Task prompt: Below is a block of records; reproduce all of them exactly and leave out any pictures.

━━━━━ Dataset excerpts ━━━━━

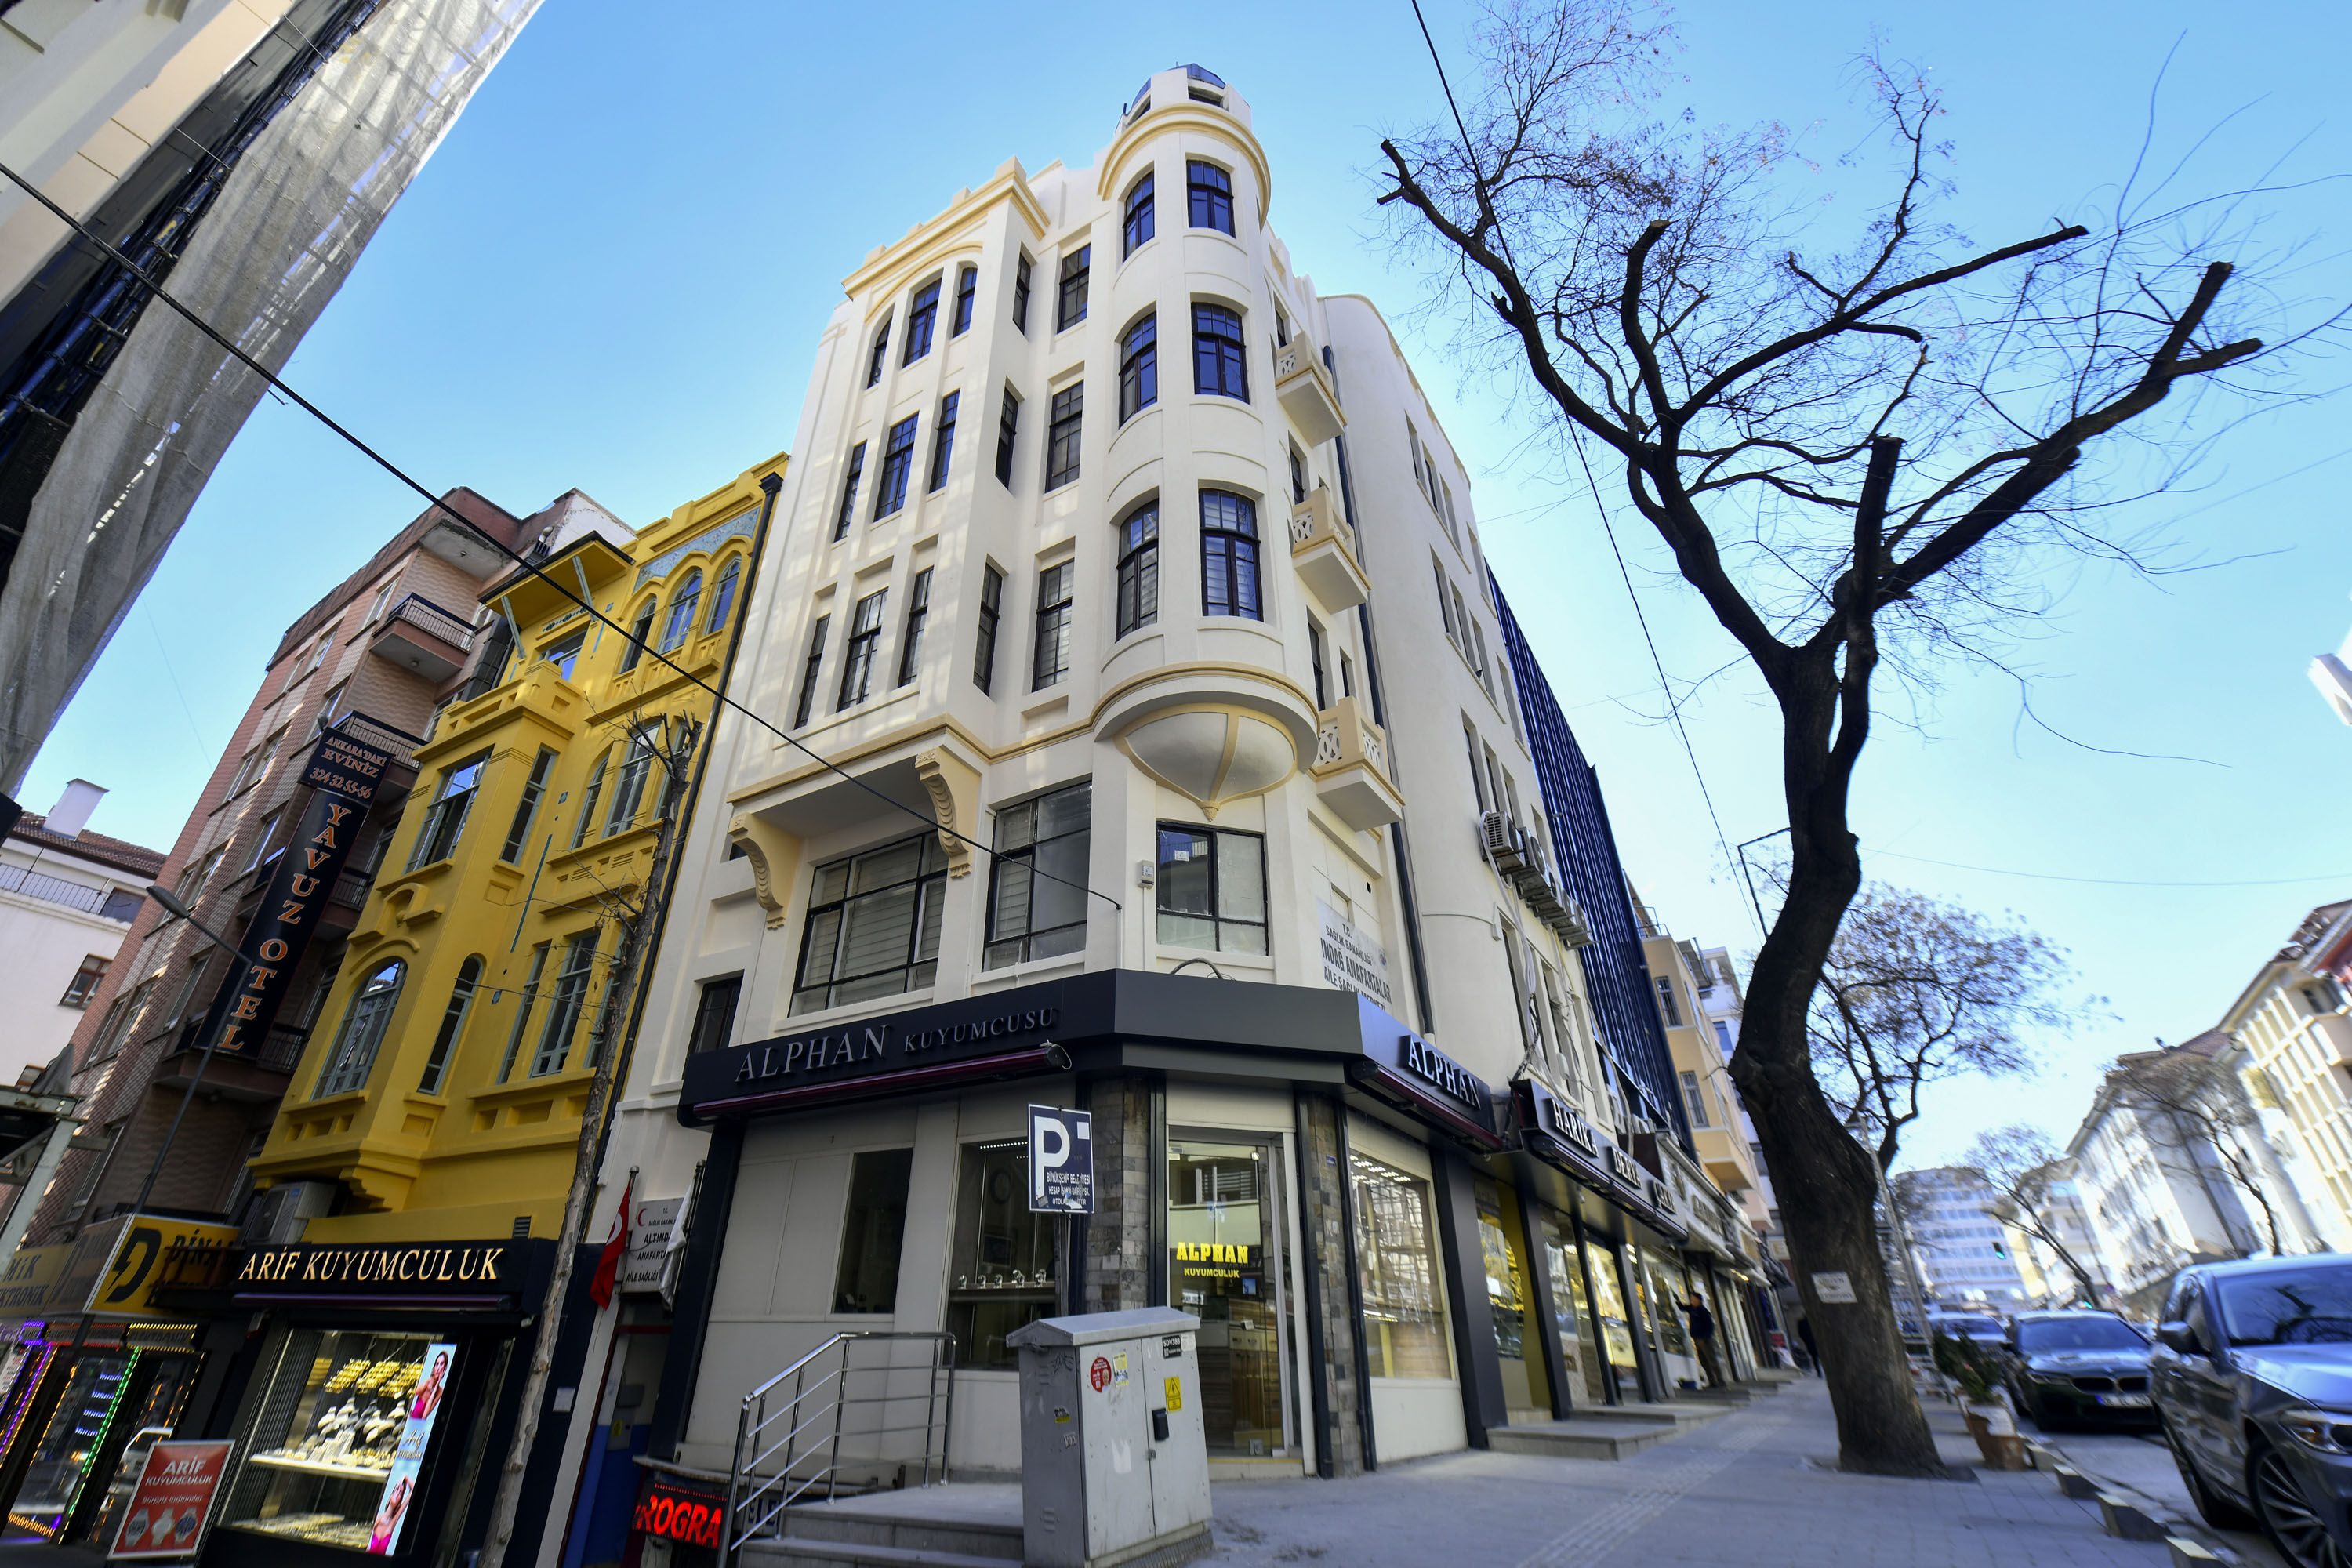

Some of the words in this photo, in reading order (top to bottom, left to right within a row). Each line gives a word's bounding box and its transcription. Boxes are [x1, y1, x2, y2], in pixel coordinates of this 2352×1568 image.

[321, 748, 379, 778] EVİNİZ
[310, 767, 331, 783] 324
[329, 774, 344, 789] 32
[343, 779, 373, 799] 55-56
[278, 802, 352, 925] YAVUZ
[1326, 924, 1345, 946] SAĞLIK
[1345, 939, 1373, 967] BAKANLIĞI
[1324, 965, 1338, 987] AİLE
[1345, 956, 1392, 1004] ANAFARTALAR
[216, 938, 289, 1051] OTEL
[735, 1024, 891, 1083] ALPHAN
[904, 1007, 1055, 1053] KUYUMCUSU
[1407, 1034, 1482, 1110] ALPHAN
[1034, 1115, 1071, 1200] P
[1048, 1185, 1061, 1195] HESAP
[238, 1246, 302, 1281] ARİF
[300, 1247, 504, 1281] KUYUMCULUK
[1176, 1241, 1249, 1264] ALPHAN
[626, 1272, 638, 1283] AİLE
[637, 1269, 659, 1282] SAĞLIĞI
[1184, 1267, 1240, 1278] KUYUMCULUK
[145, 1474, 214, 1486] KUYUMCULUK
[162, 1454, 207, 1475] ARİF

━━━━━

Problem solution:
Some of the words in this photo, in reading order (top to bottom, left to right within a row). Each line gives a word's bounding box and its transcription. Boxes are [x1, y1, x2, y2], in pixel coordinates of this 2352×1568 image.

[321, 748, 379, 778] EVİNİZ
[310, 767, 331, 783] 324
[329, 774, 344, 789] 32
[343, 779, 373, 799] 55-56
[278, 802, 352, 925] YAVUZ
[1326, 924, 1345, 946] SAĞLIK
[1345, 939, 1373, 967] BAKANLIĞI
[1324, 965, 1338, 987] AİLE
[1345, 956, 1392, 1004] ANAFARTALAR
[216, 938, 289, 1051] OTEL
[735, 1024, 891, 1083] ALPHAN
[904, 1007, 1055, 1053] KUYUMCUSU
[1407, 1034, 1482, 1110] ALPHAN
[1034, 1115, 1071, 1200] P
[1048, 1185, 1061, 1195] HESAP
[238, 1246, 302, 1281] ARİF
[300, 1247, 504, 1281] KUYUMCULUK
[1176, 1241, 1249, 1264] ALPHAN
[626, 1272, 638, 1283] AİLE
[637, 1269, 659, 1282] SAĞLIĞI
[1184, 1267, 1240, 1278] KUYUMCULUK
[145, 1474, 214, 1486] KUYUMCULUK
[162, 1454, 207, 1475] ARİF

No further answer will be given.